Register is concerned with the linguistic features of a text that reflect the social context in which the text was produced. The term was developed by Halliday (1997) as part of his theory of language as social action. Halliday views register as a “system of meaning that relates linguistic choices to the context of situation”. The study of register shows how language use varies from situation to situation (unlike dialect, for example, which studies how language varies from speaker to speaker).

    The language we use reflects and helps to create the social situations we are involved in. The lexico-grammatical options we choose greatly depend on the context and the purpose of our communication. For example, during a job interview, we will be using language in a very different way from when we are chatting with friends. The specific configurations of field, tenor and mode (i.e. register) are a representation of the context of situation. Certain configurations tend to be solidified based on our specific culture/ context and are being repeated by speakers in a specific way and order. These are then called genres.

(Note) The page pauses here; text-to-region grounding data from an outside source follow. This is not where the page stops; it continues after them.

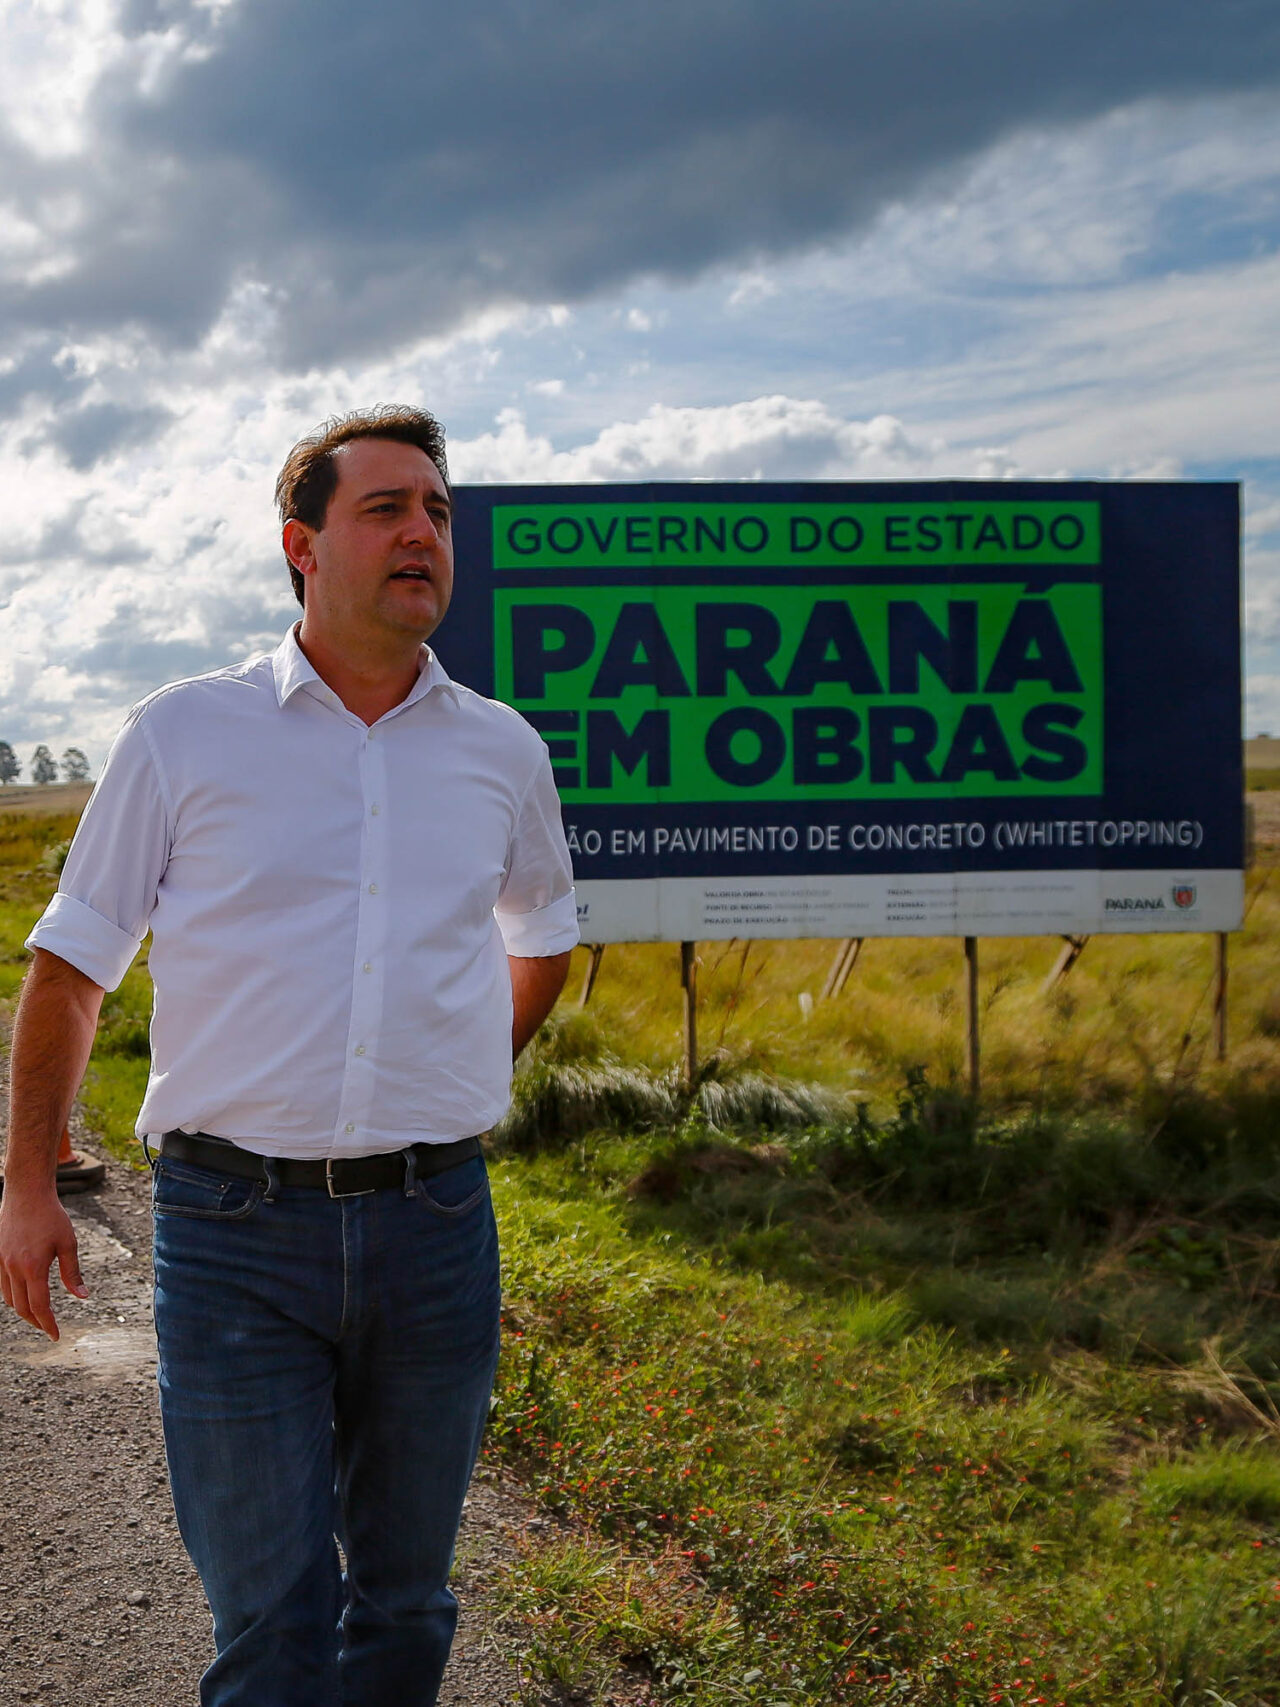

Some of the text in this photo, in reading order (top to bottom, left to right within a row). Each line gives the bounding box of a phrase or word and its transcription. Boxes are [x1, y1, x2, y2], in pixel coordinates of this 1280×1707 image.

[507, 513, 1085, 555] GOVERNO DO ESTADO
[511, 584, 1085, 699] PARANÁ
[521, 702, 1088, 790] EM OBRAS
[611, 828, 647, 856] EM
[654, 826, 800, 856] PAVIMENTO
[807, 825, 841, 852] DE
[849, 821, 987, 851] CONCRETO
[993, 820, 1204, 850] (WHITETOPPING)
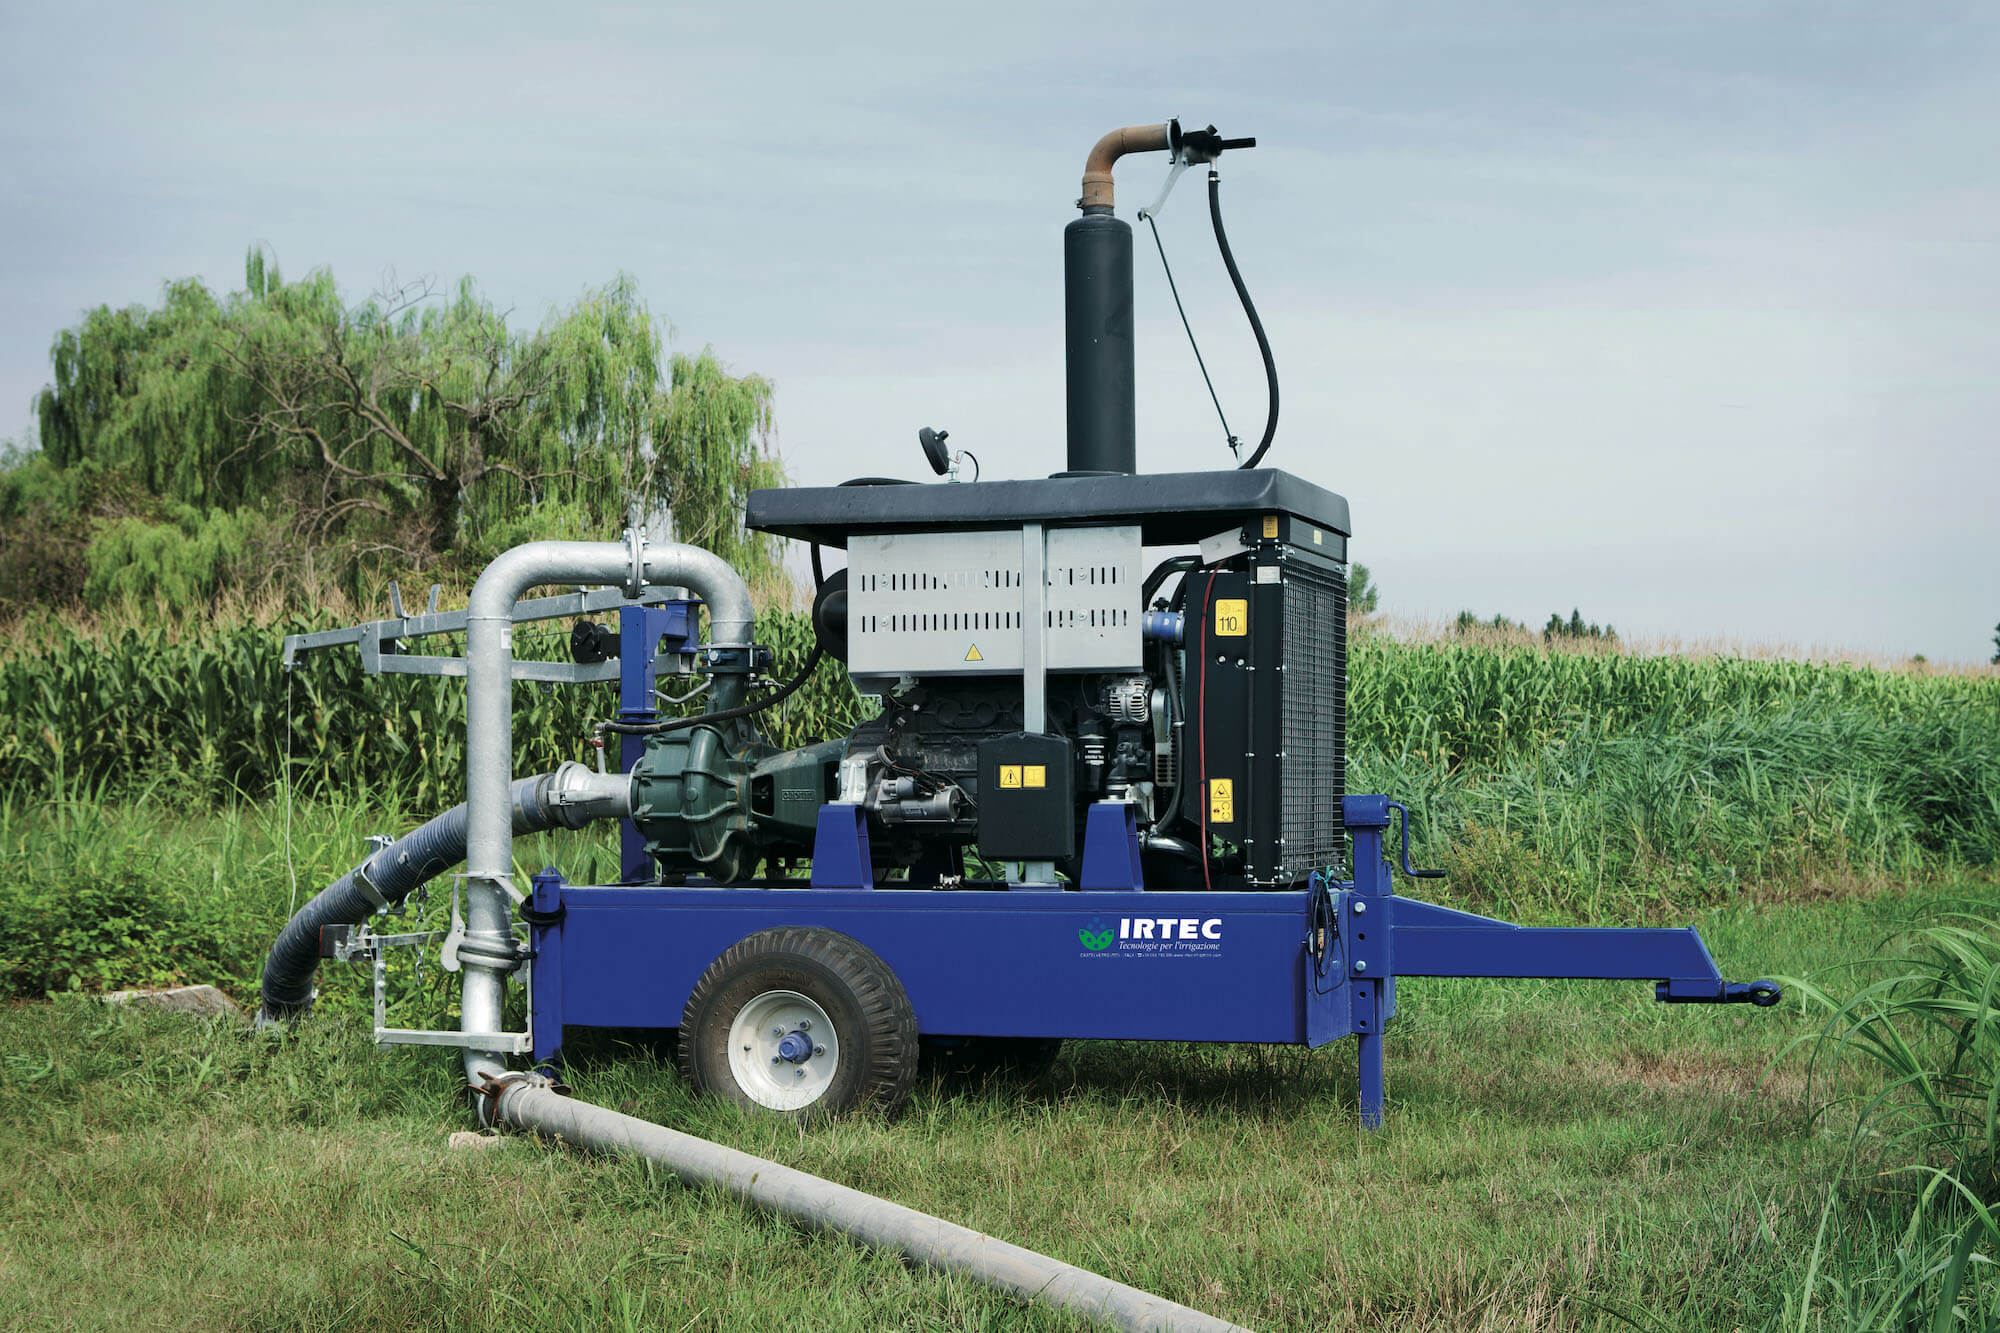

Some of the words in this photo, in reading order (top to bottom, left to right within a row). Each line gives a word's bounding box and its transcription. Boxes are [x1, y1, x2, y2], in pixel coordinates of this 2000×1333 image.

[1219, 616, 1238, 632] 110
[1119, 918, 1222, 940] IRTEC
[1119, 941, 1158, 951] Tecnologie
[1159, 943, 1173, 952] per
[1174, 941, 1220, 951] l'irrigazione
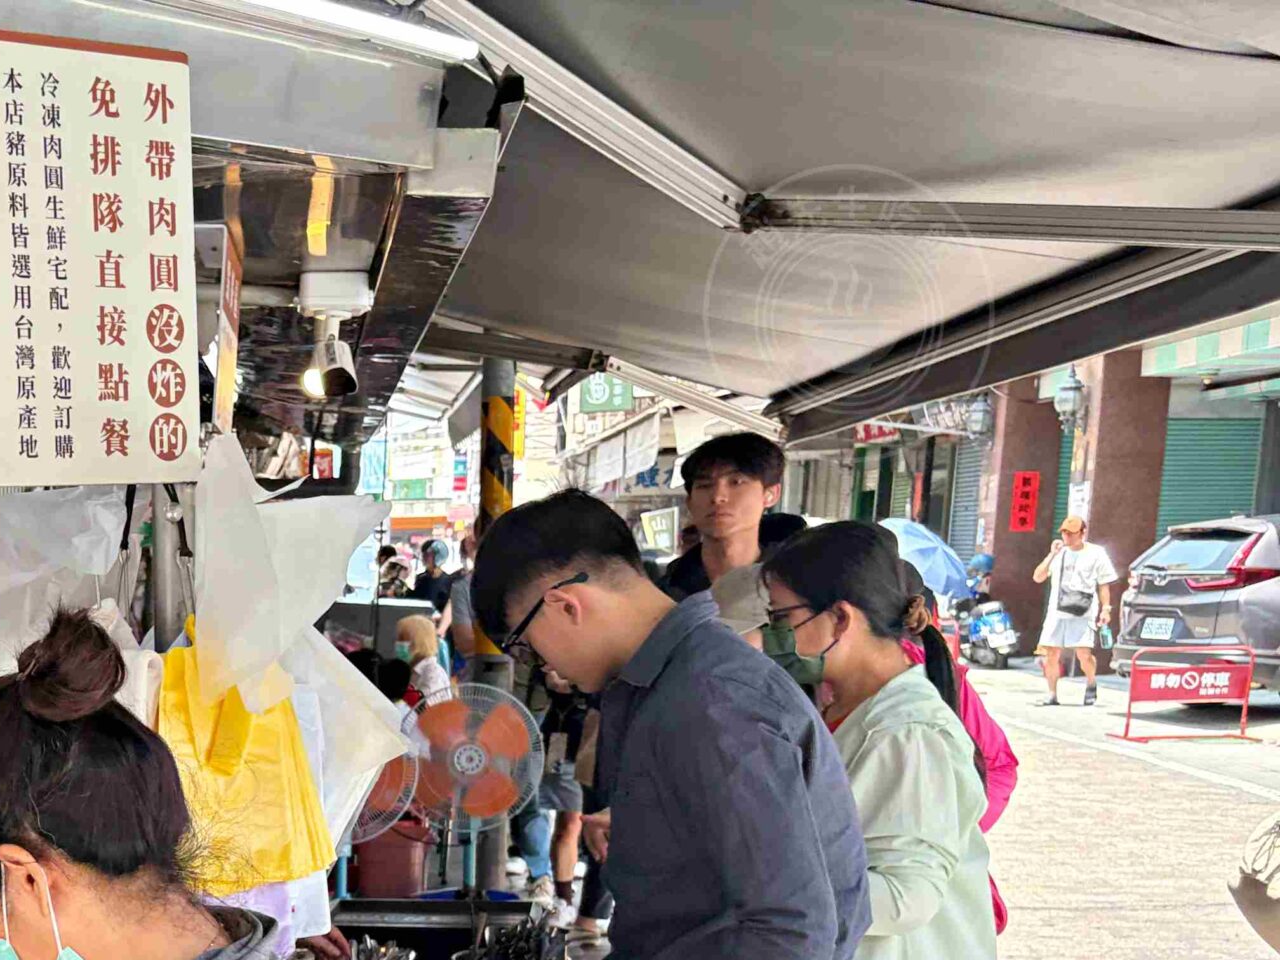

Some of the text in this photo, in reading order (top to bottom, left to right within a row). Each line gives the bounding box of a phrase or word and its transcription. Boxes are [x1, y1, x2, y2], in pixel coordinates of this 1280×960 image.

[3, 68, 38, 459] 本店豬原料皆選用台灣原產地
[40, 72, 74, 459] 冷凍肉圓生鮮宅配，歡迎訂購
[89, 76, 131, 458] 免排隊直接點餐
[144, 82, 186, 459] 外帶肉圓沒炸的
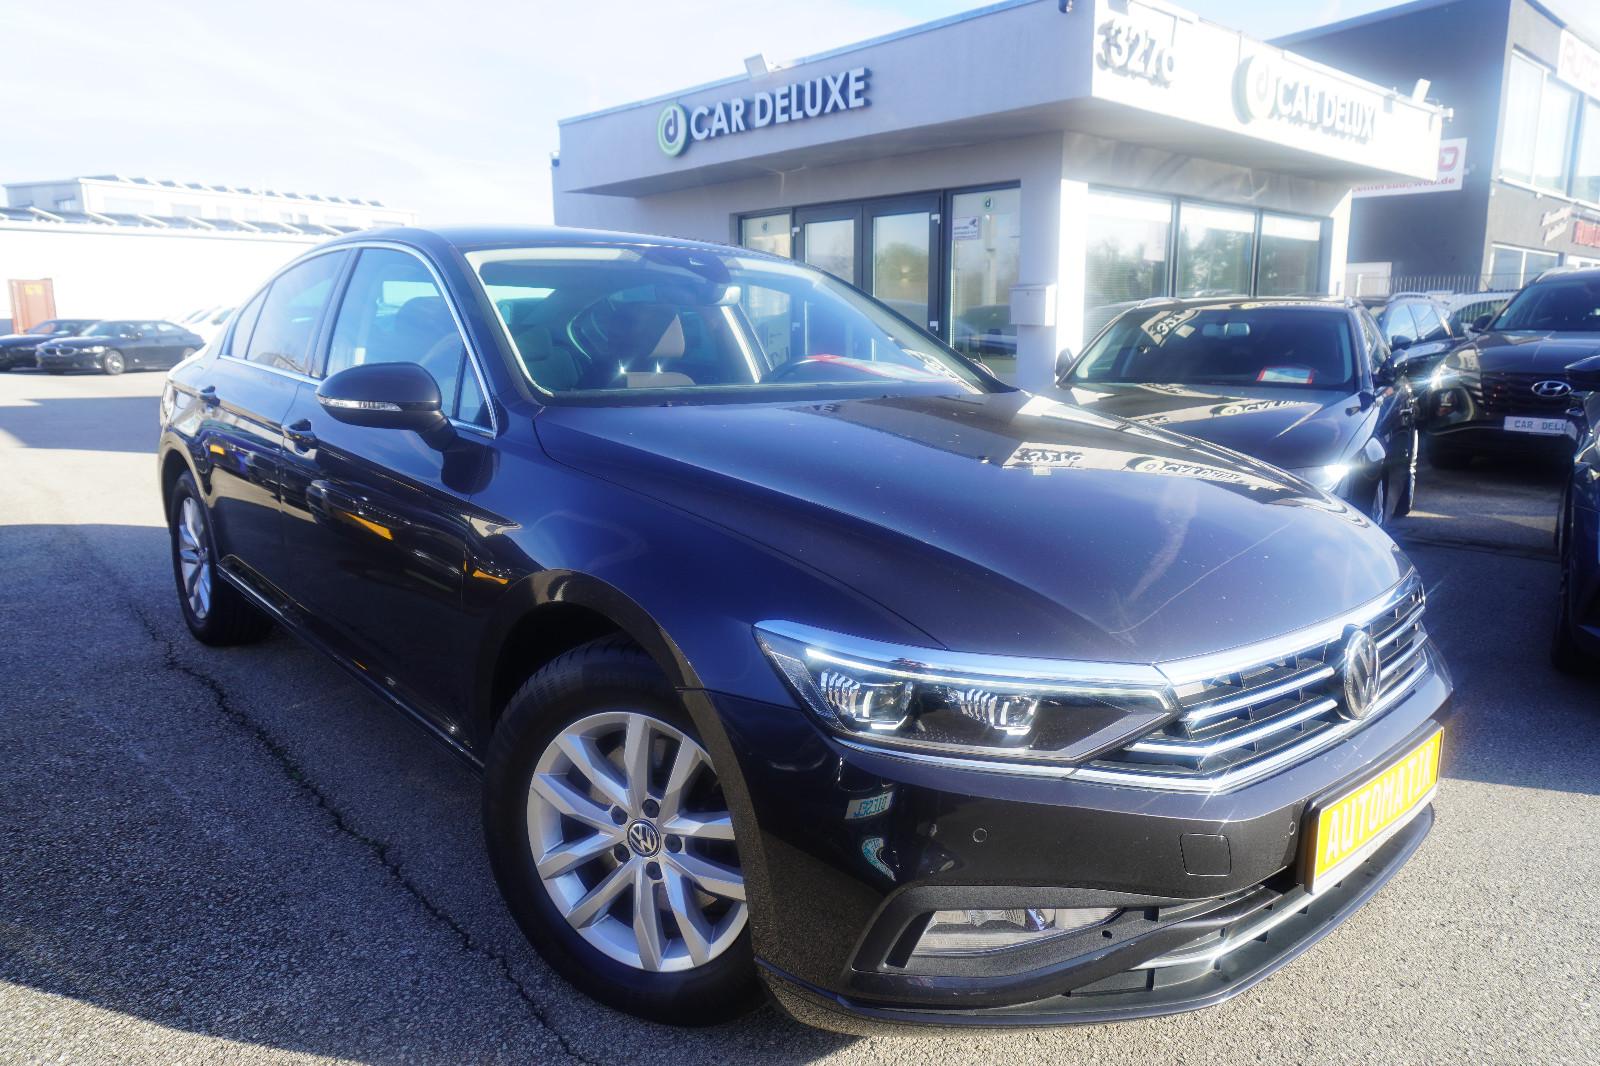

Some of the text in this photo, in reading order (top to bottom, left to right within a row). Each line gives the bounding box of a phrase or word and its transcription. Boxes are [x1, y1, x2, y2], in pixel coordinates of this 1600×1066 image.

[690, 98, 745, 141] CAR
[754, 67, 866, 129] DELUXE
[1322, 90, 1379, 140] DELUX
[1514, 420, 1534, 430] CAR
[1325, 741, 1435, 865] AUTOMATIK

Martin (1989:25) defines genre as a “staged, goal-directed, purposeful activity in which speakers engage as members of our culture” and shows the relationship between genre, register and language in the following way:

When it comes to language teaching, genre and register can be very useful concepts and can foster language learning in many different ways (Based on Painter 2001:178):

  1. Choosing authentic texts for language study: focus on our learners’ specific needs

       In many EFL teaching environments, students have limited exposure to L2 input outside the language classroom. For effective learning to take place, it is therefore important to ‘feed’ our learners with a lot of useful, relevant and meaningful input. We always need to take into account the length of the text, the authenticity of the language used and whether or not the lexis and grammar included match our students’ level and specific needs. Our learners need to receive input from a variety of L2 sources and (always according to their level) to read and explore a variety of different writing styles and genres (newspaper articles, train timetables, authentic brochures, abstracts from books/plays, poems, etc.).

    It is important for language teachers to identify and examine the different features of register and genre when choosing samples of authentic texts for their language classrooms. We need to be able to recognize the various discourse types, the community they address and the purpose behind each text as well as the specific schematic structure and linguistic features of genres in order to decide whether they can be appropriate for classroom use depending on our specific contexts and our learners’ level.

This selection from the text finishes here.